== Brief ==
Although the records contain pictures, repeat only the text of every line exactly.

== Records provided ==
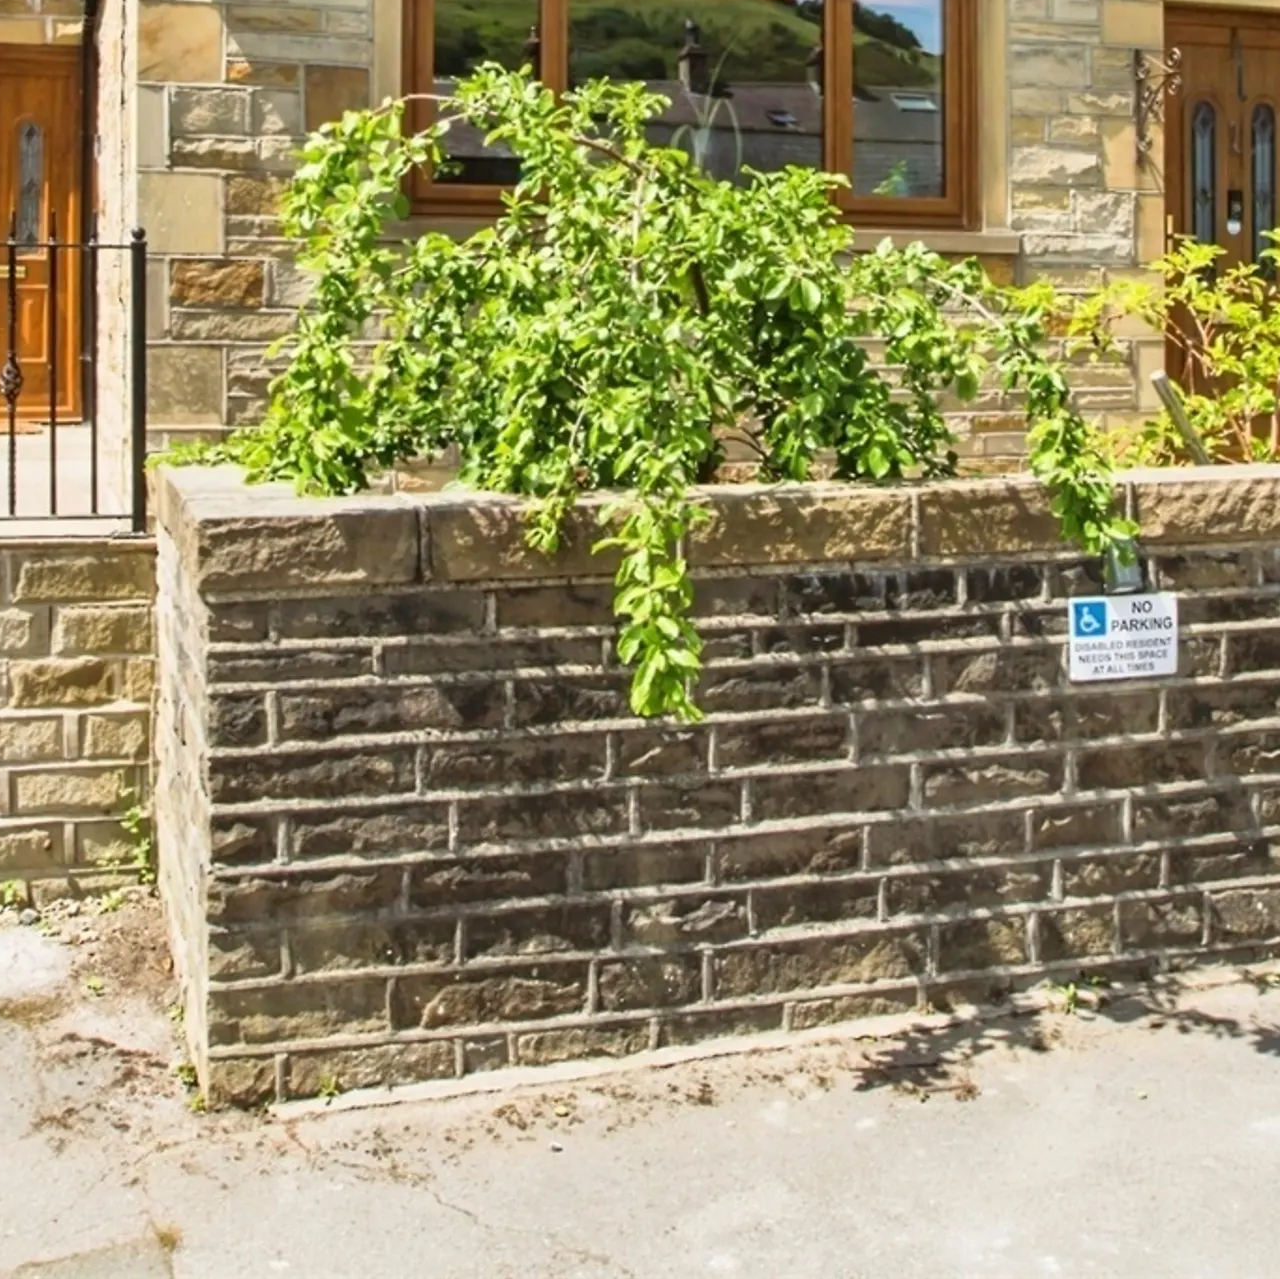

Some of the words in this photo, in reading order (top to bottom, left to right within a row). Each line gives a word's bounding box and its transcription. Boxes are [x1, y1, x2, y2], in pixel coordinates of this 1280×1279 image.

[1131, 601, 1153, 614] NO
[1111, 616, 1173, 632] PARKING
[1075, 641, 1123, 652] DISABLED
[1126, 637, 1172, 648] RESIDENT
[1078, 652, 1112, 664] NEEDS
[1114, 651, 1135, 661] THIS
[1138, 649, 1168, 659] SPACE
[1092, 665, 1105, 674] AT
[1107, 663, 1124, 673] ALL
[1127, 662, 1155, 671] TIMES
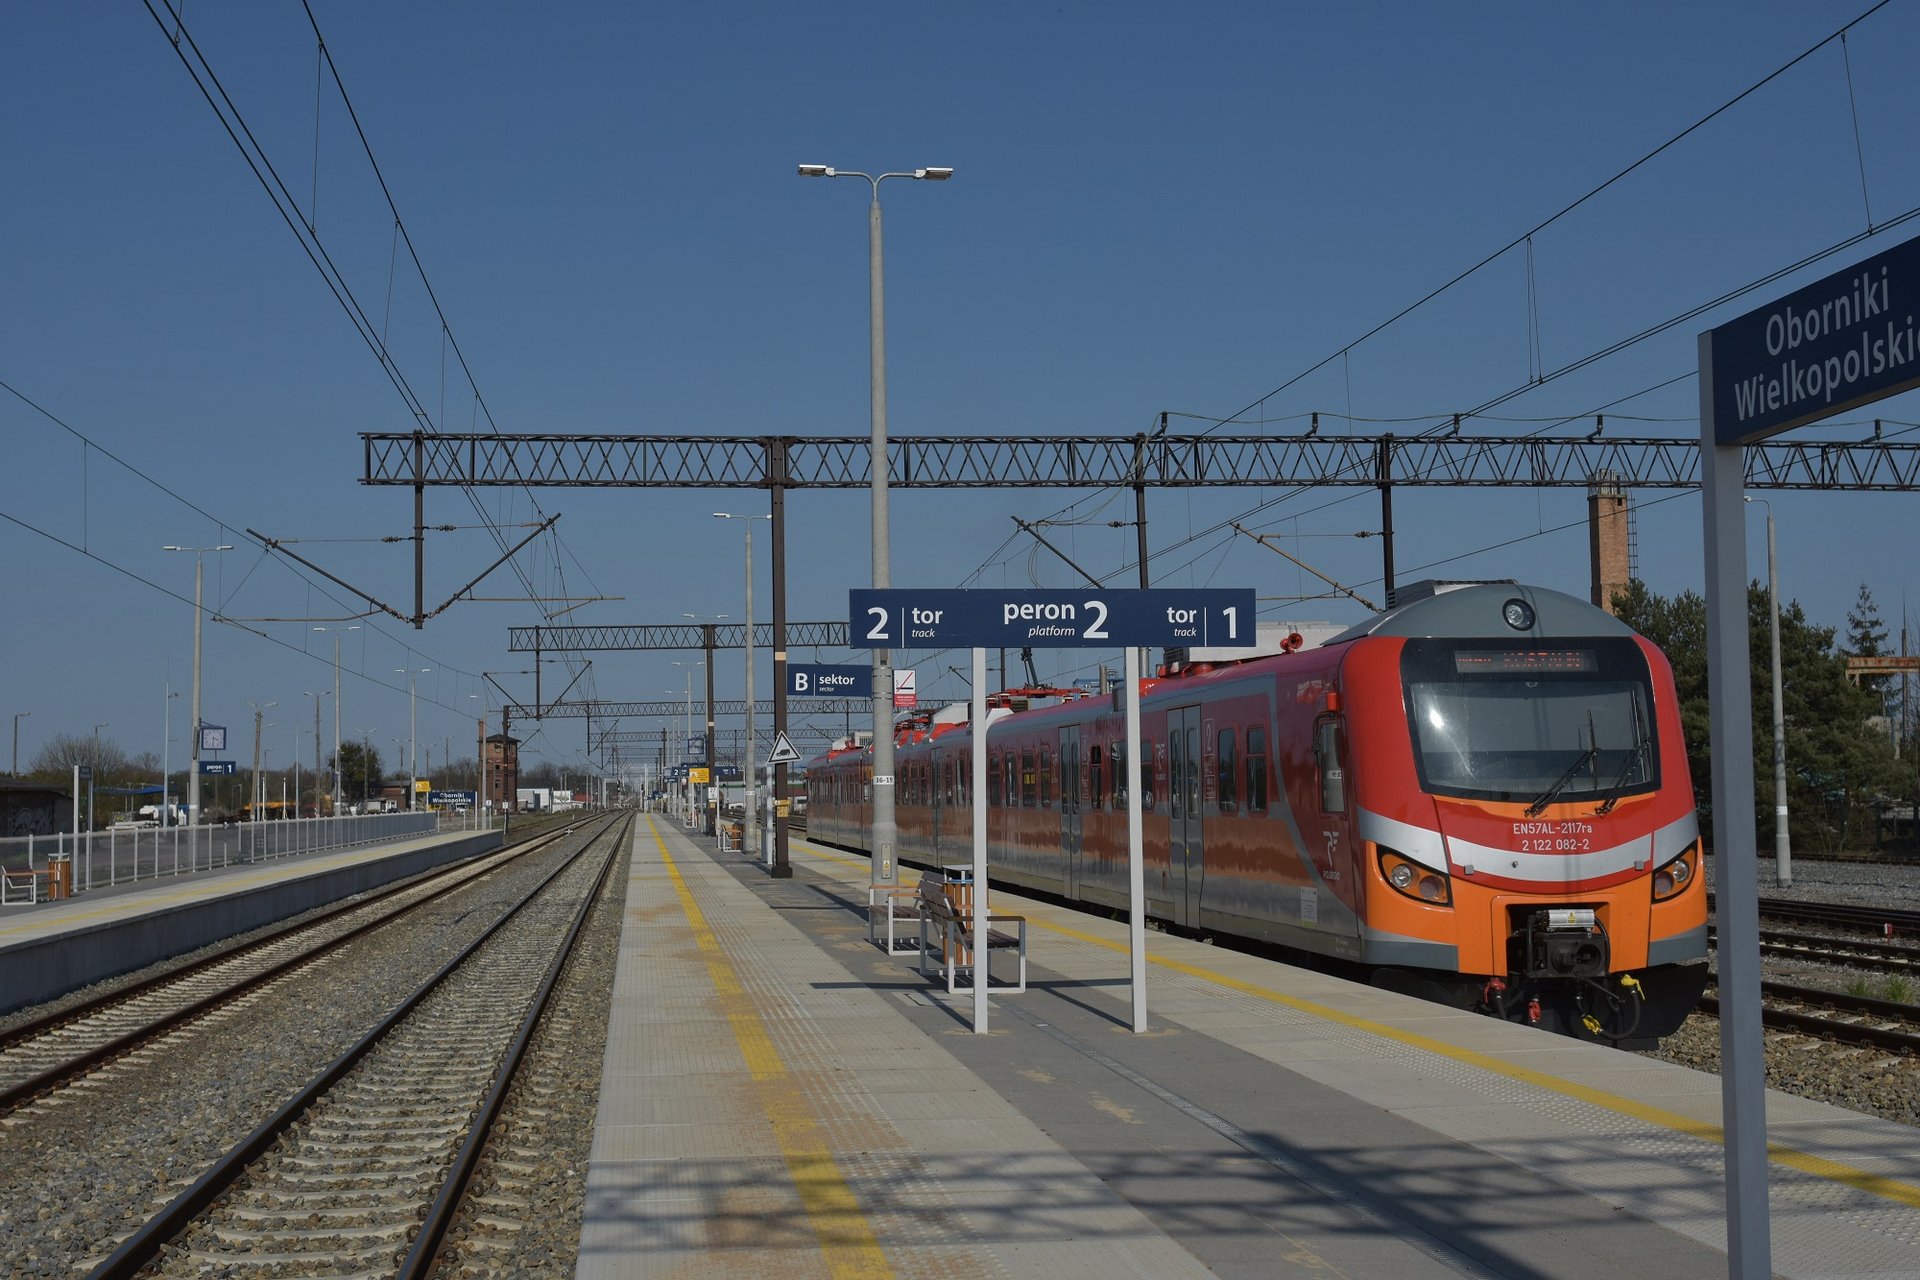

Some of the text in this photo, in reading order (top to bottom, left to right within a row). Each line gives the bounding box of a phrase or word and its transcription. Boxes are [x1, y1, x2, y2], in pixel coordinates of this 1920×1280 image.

[1765, 266, 1889, 356] Oborniki
[1734, 315, 1920, 421] Wielkopolski
[866, 606, 944, 640] 2 tor
[1004, 600, 1109, 639] peron 2
[1166, 606, 1237, 639] tor 1
[911, 628, 936, 638] track
[1028, 625, 1075, 638] platform
[1174, 627, 1197, 637] track
[795, 672, 855, 692] B sektor
[227, 765, 232, 773] 1
[673, 768, 679, 776] 2
[1513, 822, 1593, 834] EN57AL-2117ra
[1522, 838, 1590, 851] 2 122 082-2

== Reply ==
Some of the words in this photo, in reading order (top to bottom, left to right within a row). Each line gives a word's bounding box and its transcription. Boxes are [x1, y1, x2, y2], in pixel coordinates of this 1280×1279 image.

[1131, 601, 1153, 614] NO
[1111, 616, 1173, 632] PARKING
[1075, 641, 1123, 652] DISABLED
[1126, 637, 1172, 648] RESIDENT
[1078, 652, 1112, 664] NEEDS
[1114, 651, 1135, 661] THIS
[1138, 649, 1168, 659] SPACE
[1092, 665, 1105, 674] AT
[1107, 663, 1124, 673] ALL
[1127, 662, 1155, 671] TIMES

Some of the text in this photo, in reading order (top to bottom, left to right within a row). Each line gives the bounding box of a phrase or word and its transcription. Boxes are [x1, y1, x2, y2], in pixel coordinates of this 1920×1280 image.

[1765, 266, 1889, 356] Oborniki
[1734, 315, 1920, 421] Wielkopolski
[866, 606, 944, 640] 2 tor
[1004, 600, 1109, 639] peron 2
[1166, 606, 1237, 639] tor 1
[911, 628, 936, 638] track
[1028, 625, 1075, 638] platform
[1174, 627, 1197, 637] track
[795, 672, 855, 692] B sektor
[227, 765, 232, 773] 1
[673, 768, 679, 776] 2
[1513, 822, 1593, 834] EN57AL-2117ra
[1522, 838, 1590, 851] 2 122 082-2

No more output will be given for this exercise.